He heard the sound nearer now, and walked warily, stopped at last as a glittering creature rose out of the rocks and brush.
A trembling came on him, a loss of will. Natural, he thought, recalling the tales his grandfather had told, who claimed to have stood close to them. Humans react to them out of deep instinct. One has to overcome that.
They see differently: that too, from old Tallen, and from reports deep in the archives. He spread his hands wide from his sides, making clear to it that he had no weapons.
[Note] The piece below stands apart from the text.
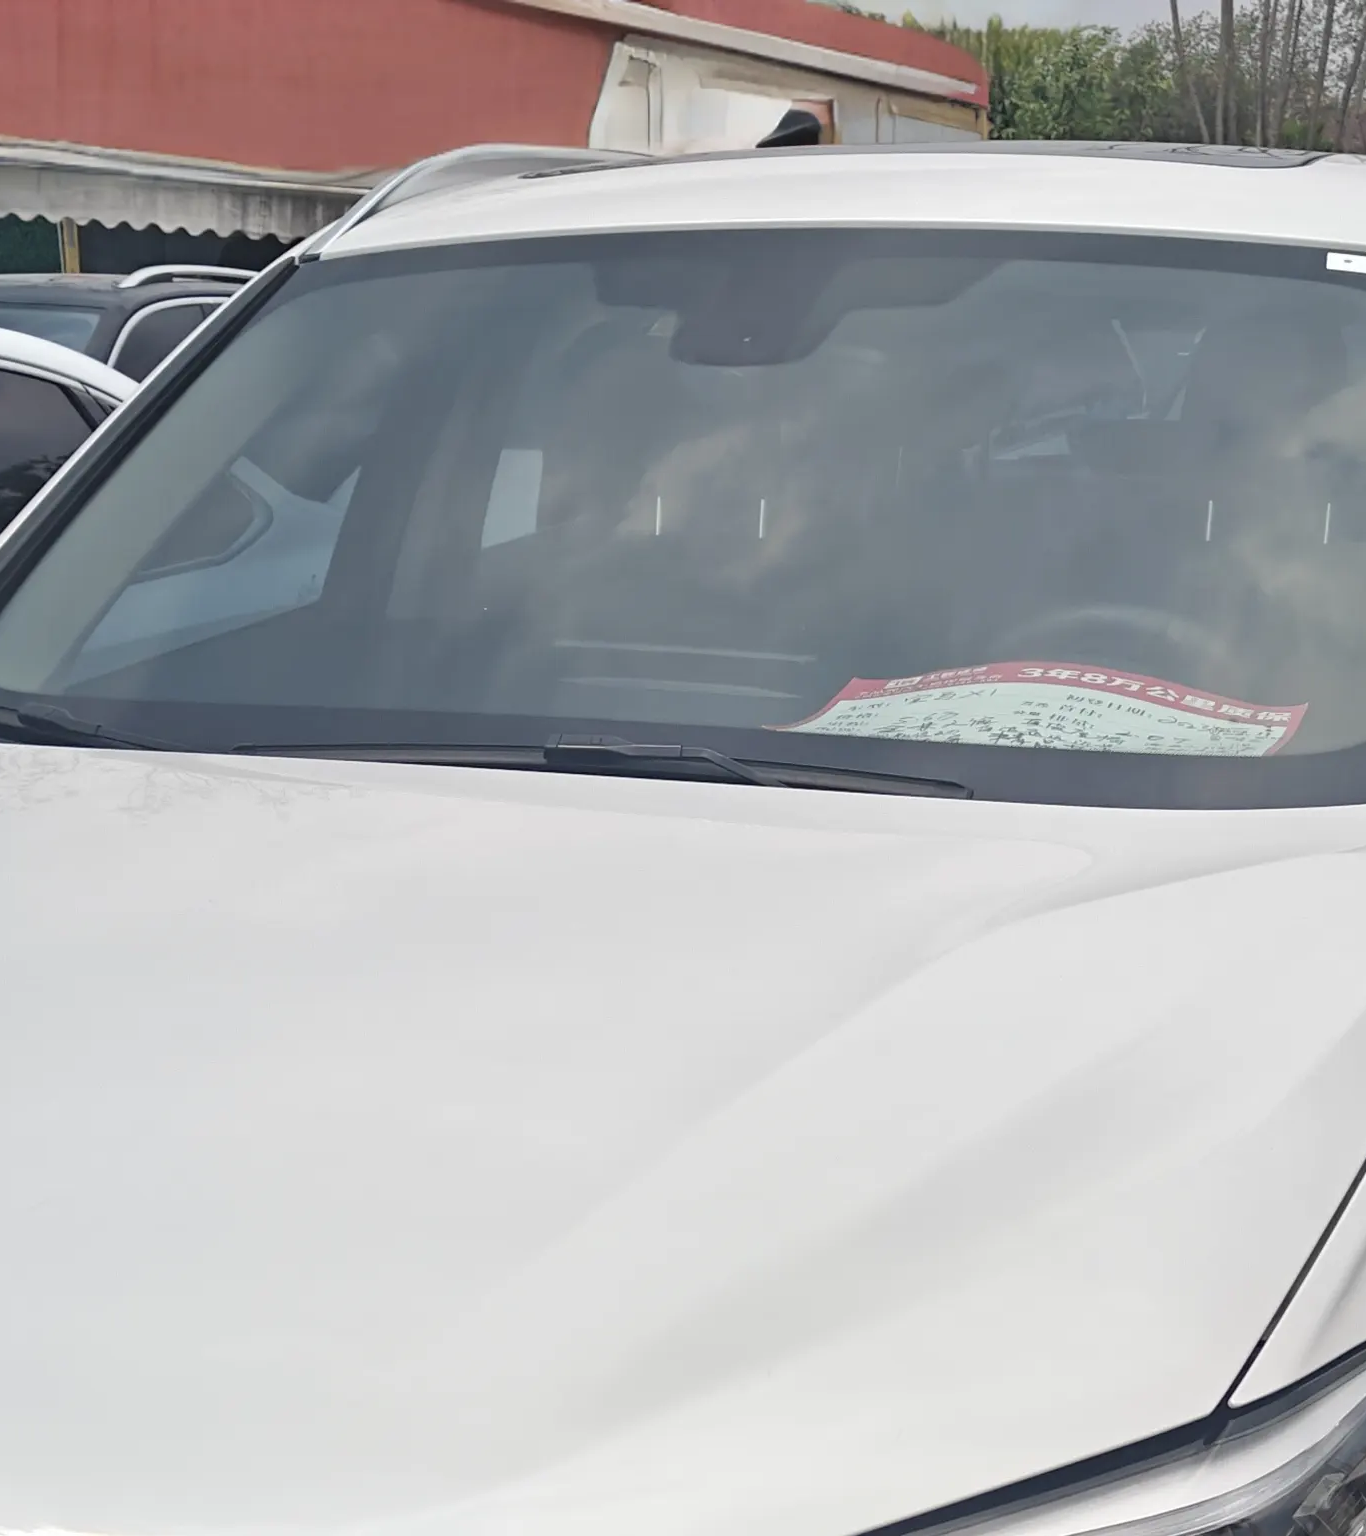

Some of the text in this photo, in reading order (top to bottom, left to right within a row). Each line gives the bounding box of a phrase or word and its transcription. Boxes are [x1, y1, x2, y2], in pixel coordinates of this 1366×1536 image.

[1017, 667, 1292, 722] 3年8万公里质保
It came closer. He shut his eyes, for he quite lost big courage to look at it near at hand. He heard its loud breathing, felt the bristly touch of its forelimbs. A shadow fell on his closed eyes; something touched his mouth—he shuddered convulsively at that, and the touch and the shadow drew back.
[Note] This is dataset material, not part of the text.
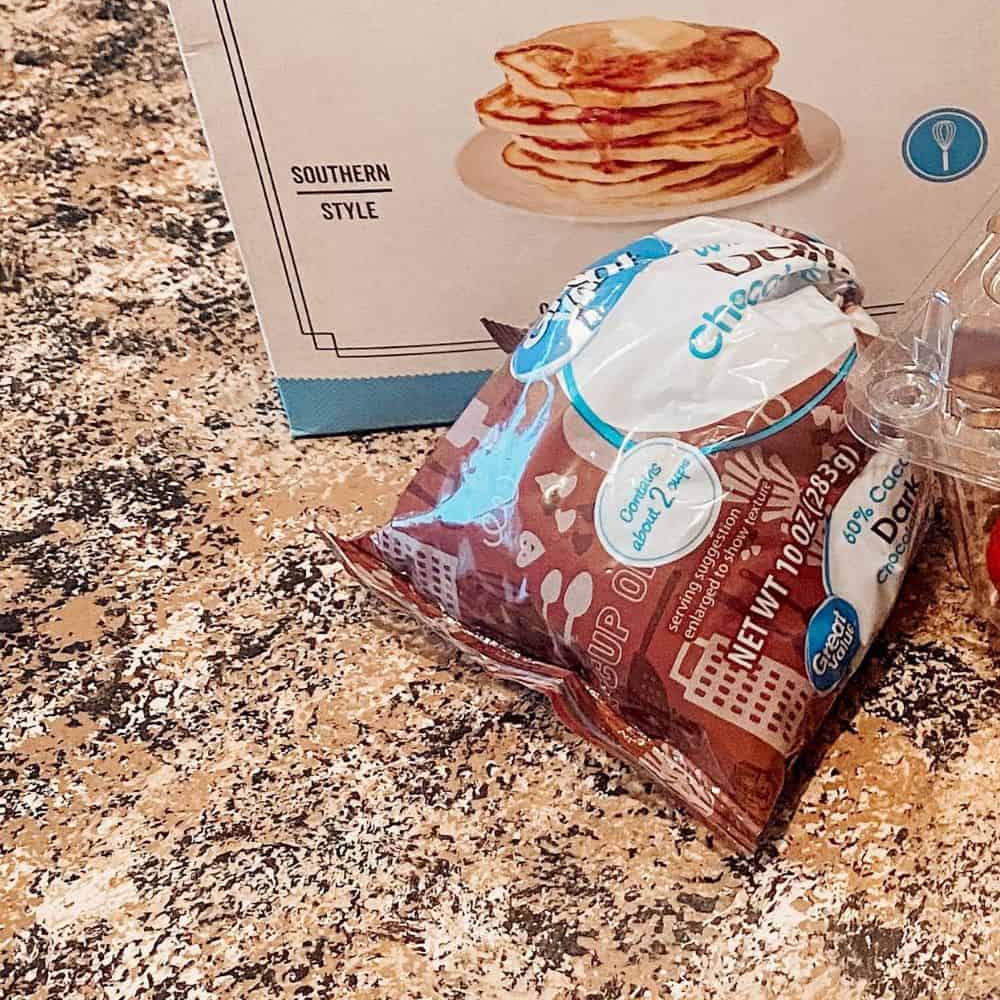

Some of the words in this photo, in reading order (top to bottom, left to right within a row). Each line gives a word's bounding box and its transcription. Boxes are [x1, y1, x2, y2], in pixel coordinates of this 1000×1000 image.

“Stranger,” it said, a harmony of sounds that joined into a word.
“Friend,” he said, and opened his eyes.
It was still near, the moiré eyes shifted through the spectrum at each minute turn of the head. “Beta human?” it asked him.
ii
A stirring ran through the hive. Raen lifted her head, read it in the voices, the shift of bodies, needing no vision in the dark.
Stranger-human, the message came to her, and that pricked at curiosity, for betas would never come this far
: they did their grain-trading far out on the riverside, where they brought their sick, such as majat could heal.
And the azi had gone long ago.
She missed them sorely. The hives did, likewise, mourning them in Drone-songs.
Merry had gone, neither first nor last, a sudden seizure of the heart. And she had wept for that, though Merry would hardly have understood it. l am azi, he had said once, refusing to be otherwise. I would not want to outlive my time. And so, one by one, the others had chosen.
It was strange, now, that a beta would have ventured into majat land, under the great Hill.
“Jim,” she said.
“I hear.” He found her hand, needing sight no more than she, as he was in other ways skilled with her skills.
Of all of them, Jim remained, a costly gift of Worker lives, and of his own will, more than Merry had had, who had wanted things his own way, in old patterns, in terms he understood.
For a long time she had cared for nothing beyond that, to know that there was one human to share the dark with her.
Now Warrior came, immortal as she, as he, in one of its many persons. “Outsider,” it said, troubled, perhaps, in the perception of changes. “Unit called Tallen.”
iii
Tallen blinked in the twilight, watching them come…two, woman and man, robed in gauzy majat-silk. They wore it as if it were nothing, priceless though it was, as if their own will were cloak enough.
They stopped near to him, and Tallen shivered in their regard, that strange coolness and lack of fear. There was a mark on the man, beneath the eye and on the shoulder: azi. The old Tallen had reported such, but not such as he, whose gaze he could not bear. The mark on the woman was of jewels; of her kind too there were remembrances.
“Ab Tallen,” she said, strangely accented, “would be an old, old man.”
“Dead,” Tallen answered. “I’m his grandson. Your people remember him?”
Her eyes flickered, seemed possessive of secrets. She held out her right hand and he took it; hesitating at the strange warmth of the jewels that covered it.
“Raen Meth-maren,” she said. “Yes, there’s memory of him. Kind memory.”
“Your name is hers, that he mentioned.”
She smiled faintly, and questions of kinship went uninvited. She nodded to the man beside her. “Jim,” she said, and that was all.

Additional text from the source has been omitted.